PROMPT. Each line, starting at the one with "this 1280×1280 image." and running to the end of the data below, is to be set down again exactly, both ends included; leave pictures out.
★ ★ ★
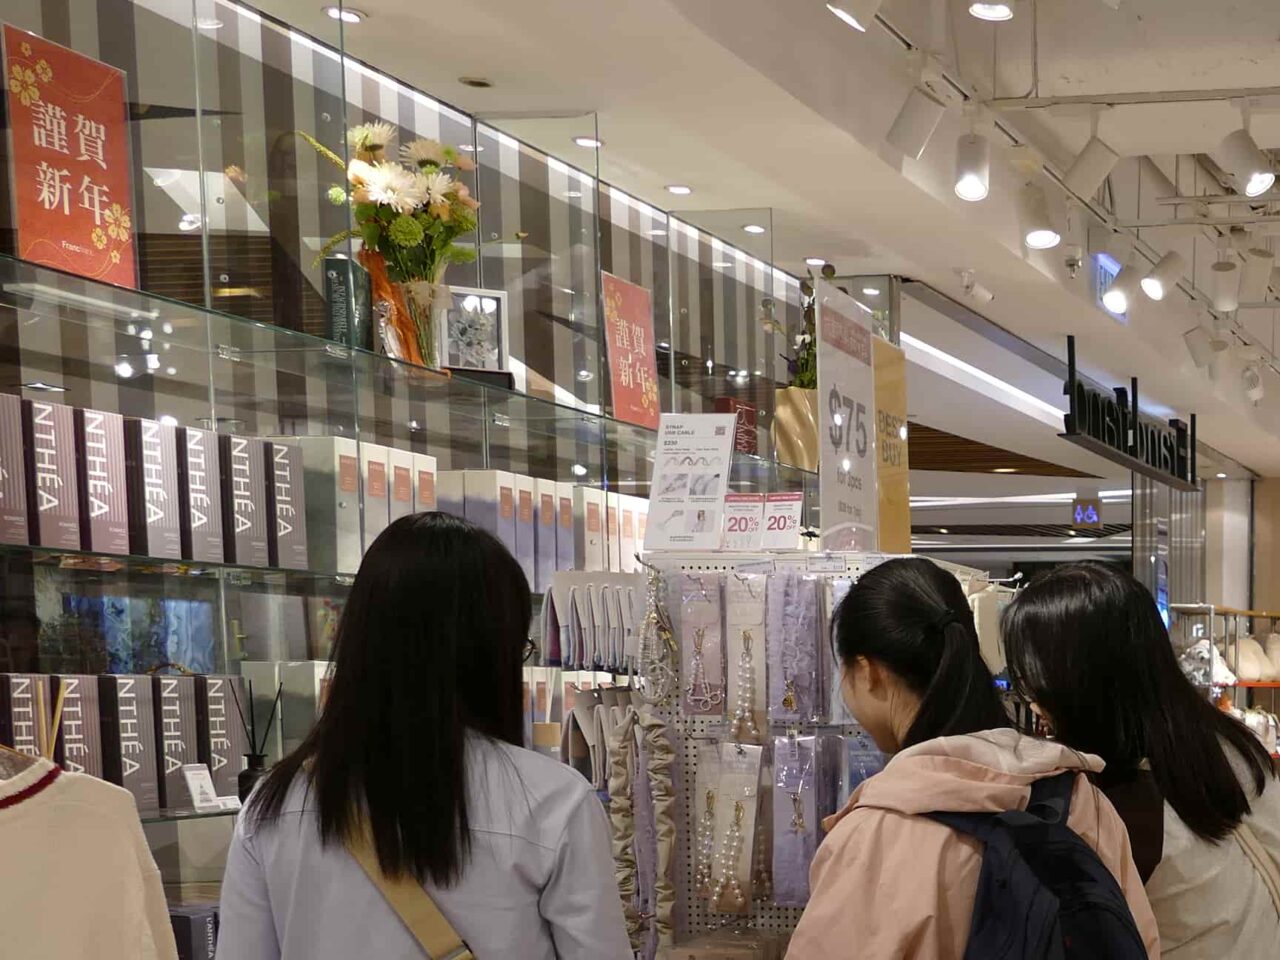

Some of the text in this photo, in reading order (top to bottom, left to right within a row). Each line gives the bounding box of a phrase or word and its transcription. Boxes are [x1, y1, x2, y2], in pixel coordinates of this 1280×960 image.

[32, 100, 108, 171] 謹賀
[35, 161, 111, 226] 新年
[828, 383, 868, 459] $75
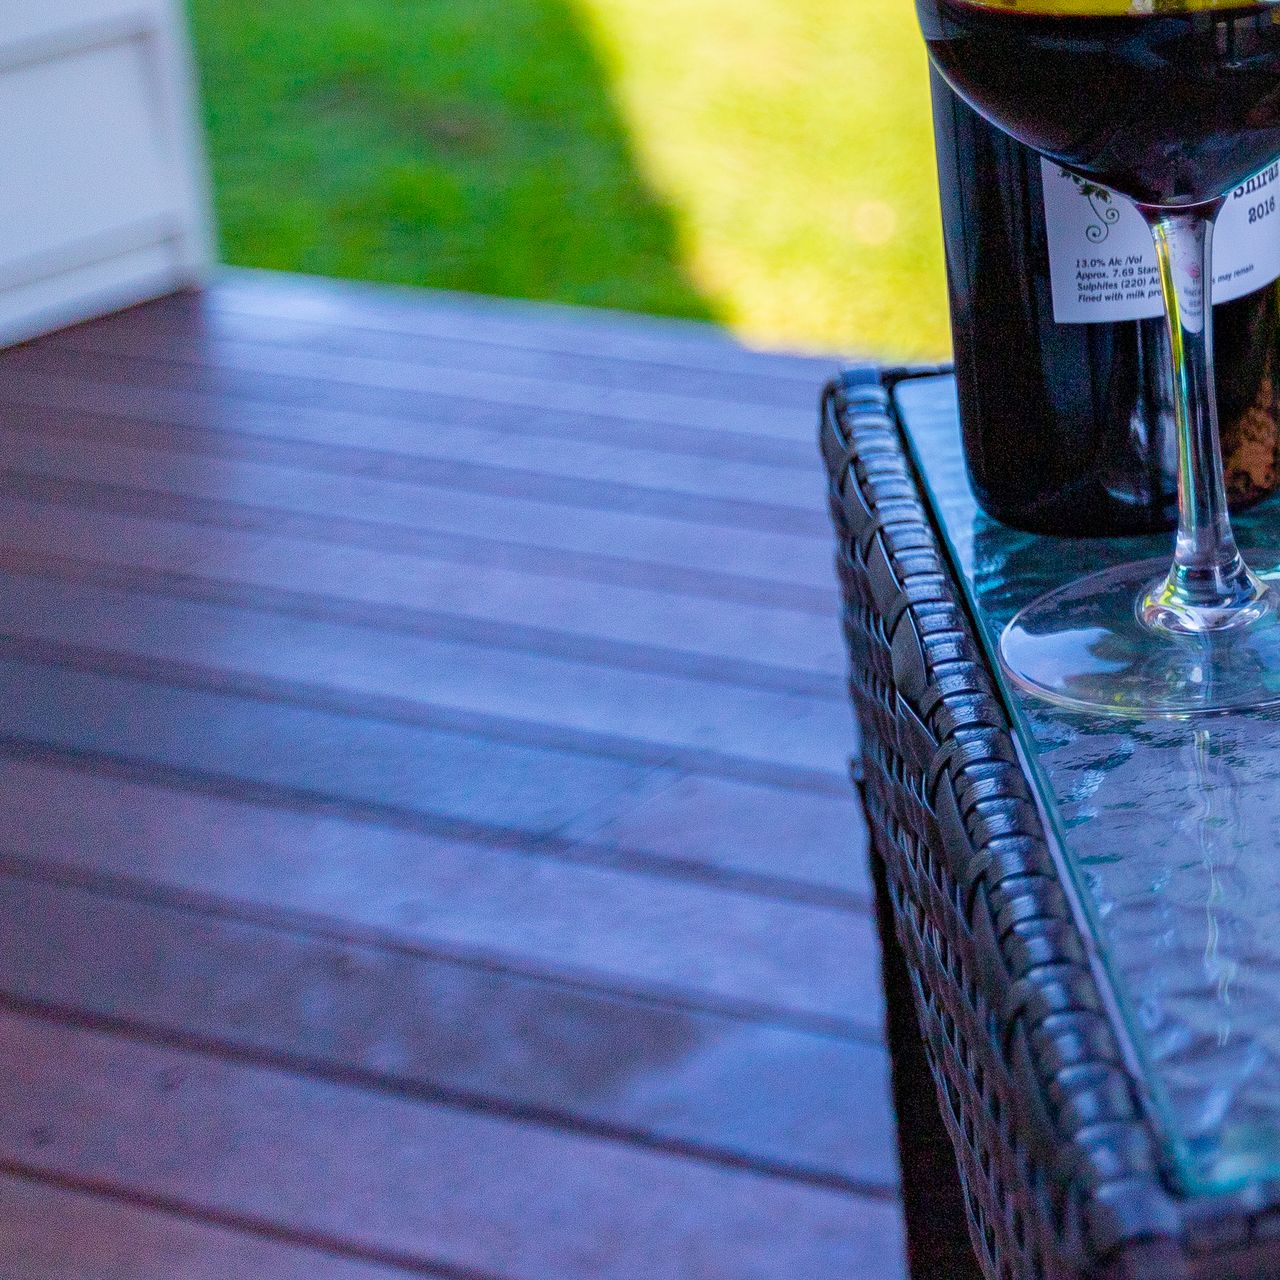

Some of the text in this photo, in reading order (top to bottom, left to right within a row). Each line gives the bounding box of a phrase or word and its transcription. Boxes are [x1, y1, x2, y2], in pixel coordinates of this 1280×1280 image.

[1248, 196, 1275, 224] 2016
[1076, 259, 1105, 268] 13.0%
[1108, 257, 1122, 267] Alc
[1075, 270, 1109, 280] Approx.
[1113, 268, 1134, 278] 7.69
[1077, 280, 1118, 292] Sulphites
[1121, 278, 1146, 289] (220)
[1078, 293, 1102, 302] Fined
[1104, 292, 1123, 301] with
[1126, 290, 1145, 300] milk
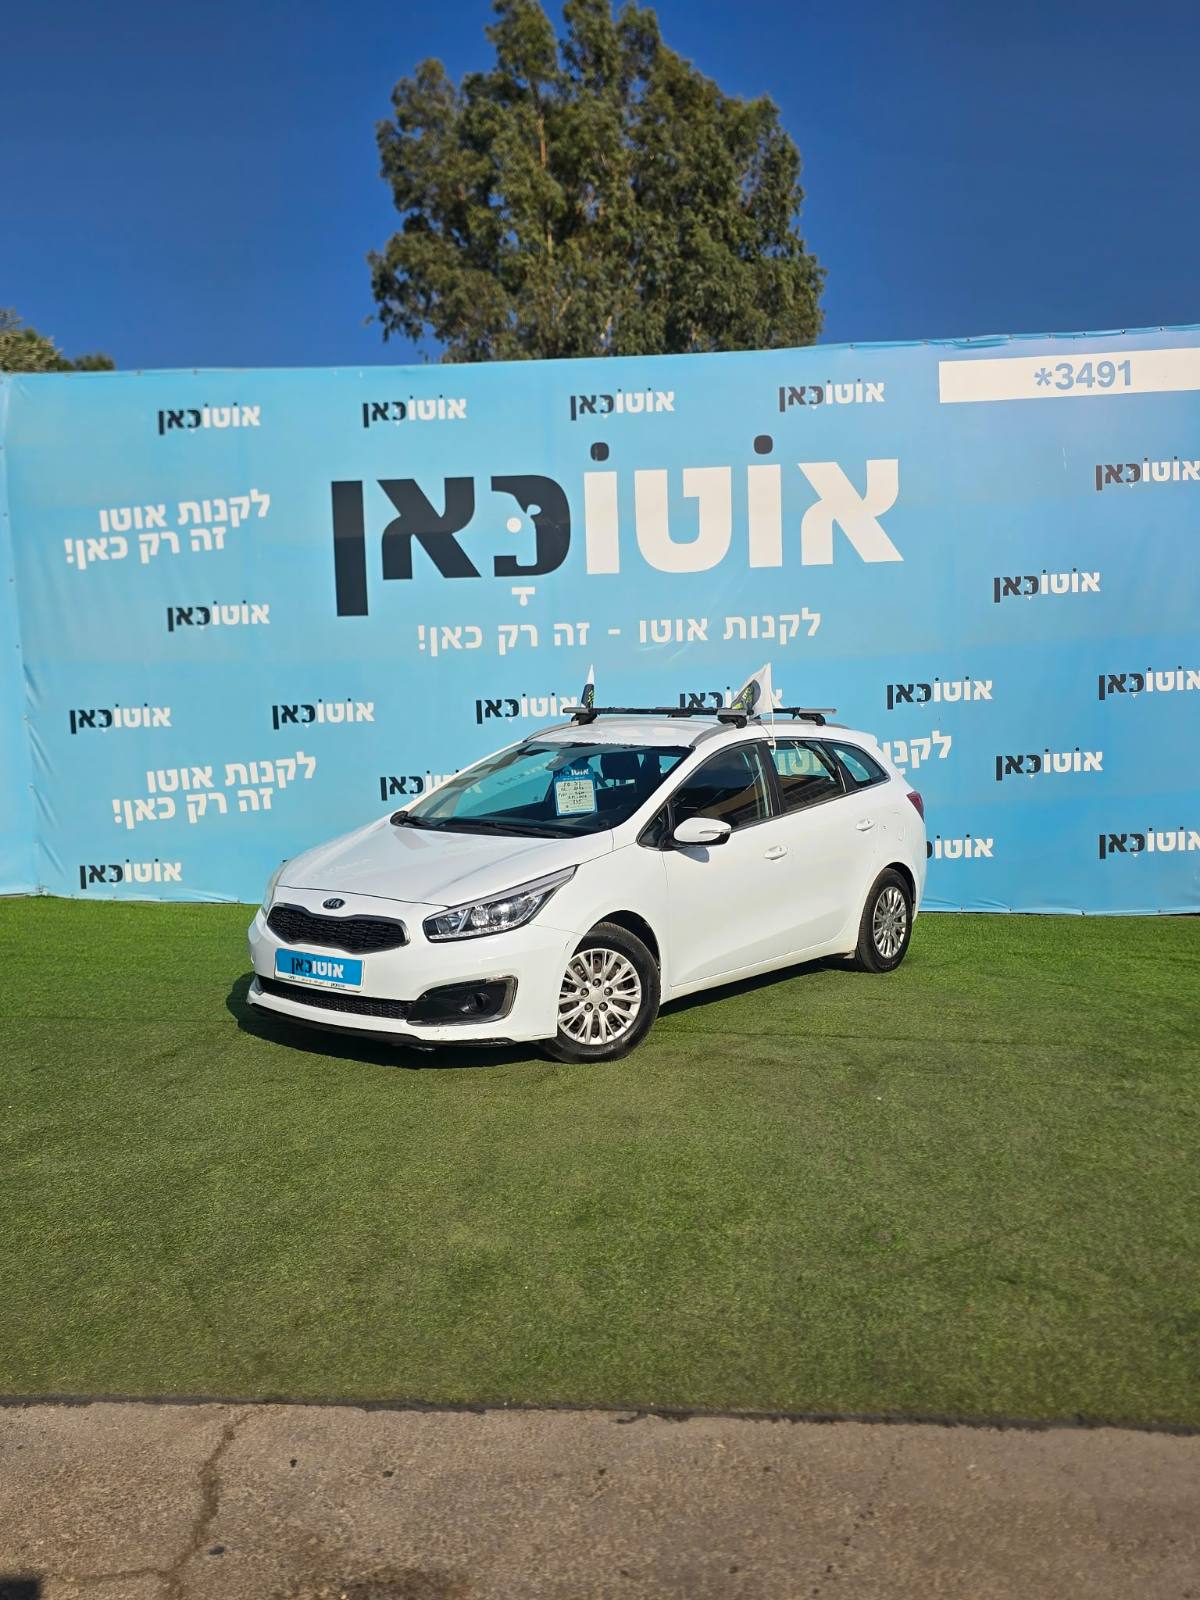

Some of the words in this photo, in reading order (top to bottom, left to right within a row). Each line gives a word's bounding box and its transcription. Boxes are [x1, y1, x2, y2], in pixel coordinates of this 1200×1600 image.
★ ★ ★
SOLUTION.
Some of the text in this photo, in reading order (top to bottom, left to right within a row). Each line gives the bounding box of a phrase or word and its transcription. Boxes are [x1, y1, x2, y2], in pixel coordinates of this 1280×1280 image.

[1248, 196, 1275, 224] 2016
[1076, 259, 1105, 268] 13.0%
[1108, 257, 1122, 267] Alc
[1075, 270, 1109, 280] Approx.
[1113, 268, 1134, 278] 7.69
[1077, 280, 1118, 292] Sulphites
[1121, 278, 1146, 289] (220)
[1078, 293, 1102, 302] Fined
[1104, 292, 1123, 301] with
[1126, 290, 1145, 300] milk

Some of the words in this photo, in reading order (top to bottom, left to right within a row). Each line gives a word's bounding box and its transcription. Boxes are [x1, y1, x2, y2], in pixel coordinates of this 1200×1600 image.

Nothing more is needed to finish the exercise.